A mobilidade urbana no Brasil

Enviada em 25/09/2019

Durante seu governo, Juscelino Kubitchek destinou boa parte dos recursos financeiros brasileiros para a indústria automobilística, o que favoreceu seu incentivo no país. Todavia, percebe-se que essa atitude estatal refletiu negativamente no Brasil contemporâneo, uma vez que há um caos na mobilidade urbana, fruto do acúmulo de veículos nas estradas. Tal fato advém da má infraestrutura modal pública e da influência midiática.

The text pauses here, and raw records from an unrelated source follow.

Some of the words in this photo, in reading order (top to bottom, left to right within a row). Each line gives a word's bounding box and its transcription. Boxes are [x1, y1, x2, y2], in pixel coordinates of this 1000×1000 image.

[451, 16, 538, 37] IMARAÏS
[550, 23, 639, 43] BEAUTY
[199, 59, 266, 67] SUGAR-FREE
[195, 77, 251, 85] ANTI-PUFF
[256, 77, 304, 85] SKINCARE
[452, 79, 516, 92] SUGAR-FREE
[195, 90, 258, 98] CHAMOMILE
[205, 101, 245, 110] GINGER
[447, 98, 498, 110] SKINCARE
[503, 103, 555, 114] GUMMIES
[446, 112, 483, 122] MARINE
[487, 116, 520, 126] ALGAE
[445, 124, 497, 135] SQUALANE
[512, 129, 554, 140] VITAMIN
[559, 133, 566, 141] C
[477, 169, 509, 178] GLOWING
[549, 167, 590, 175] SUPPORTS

Em primeiro plano, é evidente que a infraestrutura precária dos transportes coletivos é o principal fator para a problemática. Segundo a Carta Magna de 1988, o Estado deve garantir a qualidade dos modais públicos para a população, contudo, essa norma não é praticada, uma vez que devido ao pouco investimento no setor modal, ele é insuficiente e precário, fato visto, por exemplo, em falhas mecânicas nos ônibus, bem como na escassez de metrôs em determinadas regiões. Destarte, isso favorece a alta aquisição de veículos, sobretudo, carros para suprir a falha estatal quanto ao deslocamento civil.

Ademais, o incentivo midiático também contribui para a difícil mobilidade nas cidades. Sob esse viés, conforme a filosofia alemã de Adonor e Horkheimer a indústria cultural dissemina, mediante publicidades, a urgência do produto, para estimular seu consumo, diante disso, é visível essa teoria no tocante ao meio automobilístico, visto que as propagandas enaltecem esse setor como forma de aceitação social. Dessa forma, essa manipulação acarreta a compra desenfreada de automóveis e, consequentemente, congestionamentos com estresses no trânsito urbano.

Urge, portanto, a necessidade de ações que combatam o impasse brasileiro. Sob essa ótica, o Ministério da Infraestrutura deve melhorar o sistema modal público, por meio de maiores verbas, destinadas para oferta de mais metrôs e reparos nos ônibus, a fim de que não haja necessidade de compra de outros veículos. Outrossim , é mister que a mídia televisiva incentive o senso crítico quanto à atuação publicitária, mediante novelas relativas a elucidar acerca das apelações consumistas da indústria automotiva, com o fito de  incentivar o modal coletivo. Para que, assim, o caos urbano seja revertido.